If you have a refrigerator, then you’re half way to making these awesomely easy refrigerator dill pickles. Oh, and they’re PINK!
You’re going to love these refrigerator dill pickles!
With just 5 minutes of prep and a day in the fridge, these are ready to eat!
The possibilities are really endless as far as what kind of spice combinations you can use to make you own pickles but this is a simple, traditional recipe that’s a great starting point if these are the first pickles you’ve ever made.

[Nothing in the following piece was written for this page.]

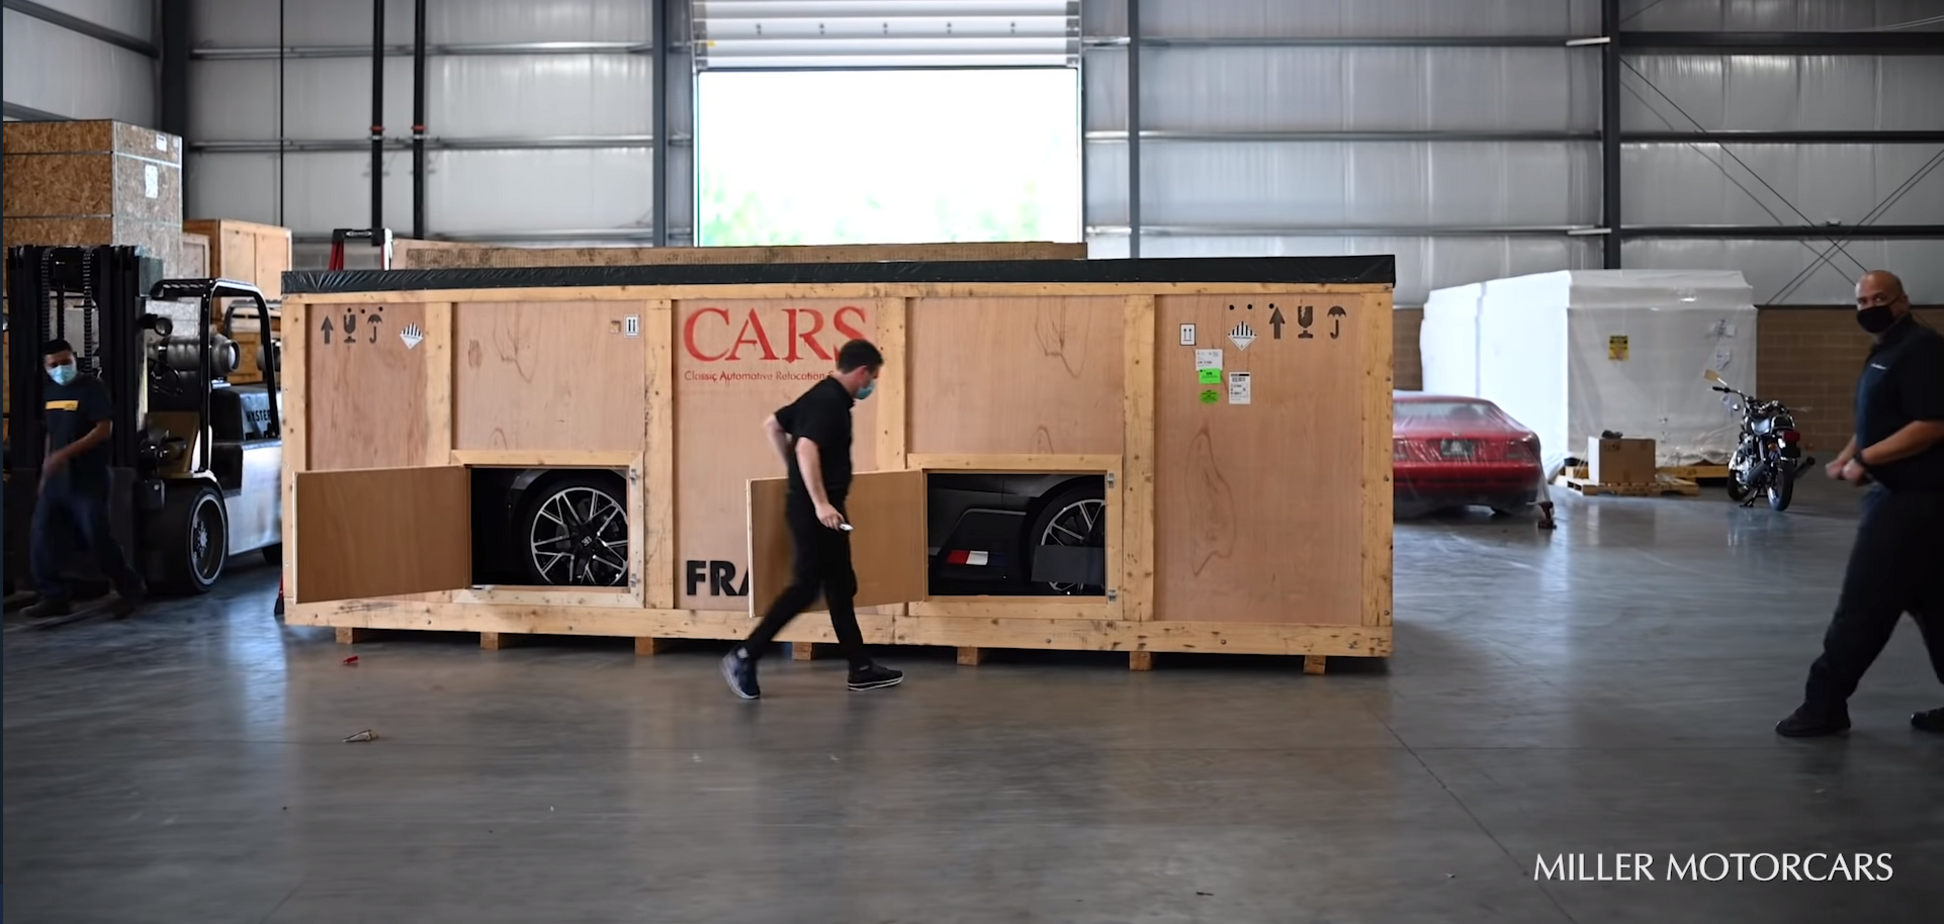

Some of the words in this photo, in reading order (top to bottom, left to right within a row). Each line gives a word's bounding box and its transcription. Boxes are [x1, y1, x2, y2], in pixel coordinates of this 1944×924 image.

I happened to have some fresh dill leftover from the egg salad I made for our recent trip to Hershey and not being one to waste leftovers, I decided to finally try making my very own refrigerator pickles.
Quick pickling makes these refrigerator dill pickles really easy to make.
I was really surprised how easy they were to make and how pretty they looked with the fresh dill and red onions. I made two jars and I’m planning to gift one to whoever stops by my house next!
Thankfully we have an extra fridge in the basement now so I can store things like refrigerator pickles. 🙂 But even if you are a one-fridge household, these don’t take up any more room than a normal pickle jar.
Supplies you’ll need to make your own dill pickles
Also optional is pickling salt. After a little research, I bought some because it was cheap, dissolves easier and prevents the liquid from getting cloudy. You can however use table salt.
Want some more snack ideas?
- 4-5 pickling cucumbers
- 1/4 red onion thinly sliced (this is what makes them turn a pretty pink!)
- 4 sprigs of fresh dill
- 2 tsp salt
- 2 heaping tsp minced garlic
- 2 tsp mustard seeds
- 2 cups filtered water
- 1 1/2 cups white vinegar
- Slice cucumbers into spears, discs or leave whole depending on your favorite pickle style. 🙂
- Add cucumbers, onions, dill, salt, garlic and mustard seeds to mason jar.
- Fill mason jar half way with filtered water, then the rest of the way with vinegar. Add more or less vinegar to taste.
- Seal the jar with a lid and put in the fridge. Pickles will be ready to eat in as little as 24 hours. Ideally 48 hours is best for a more saturated flavor.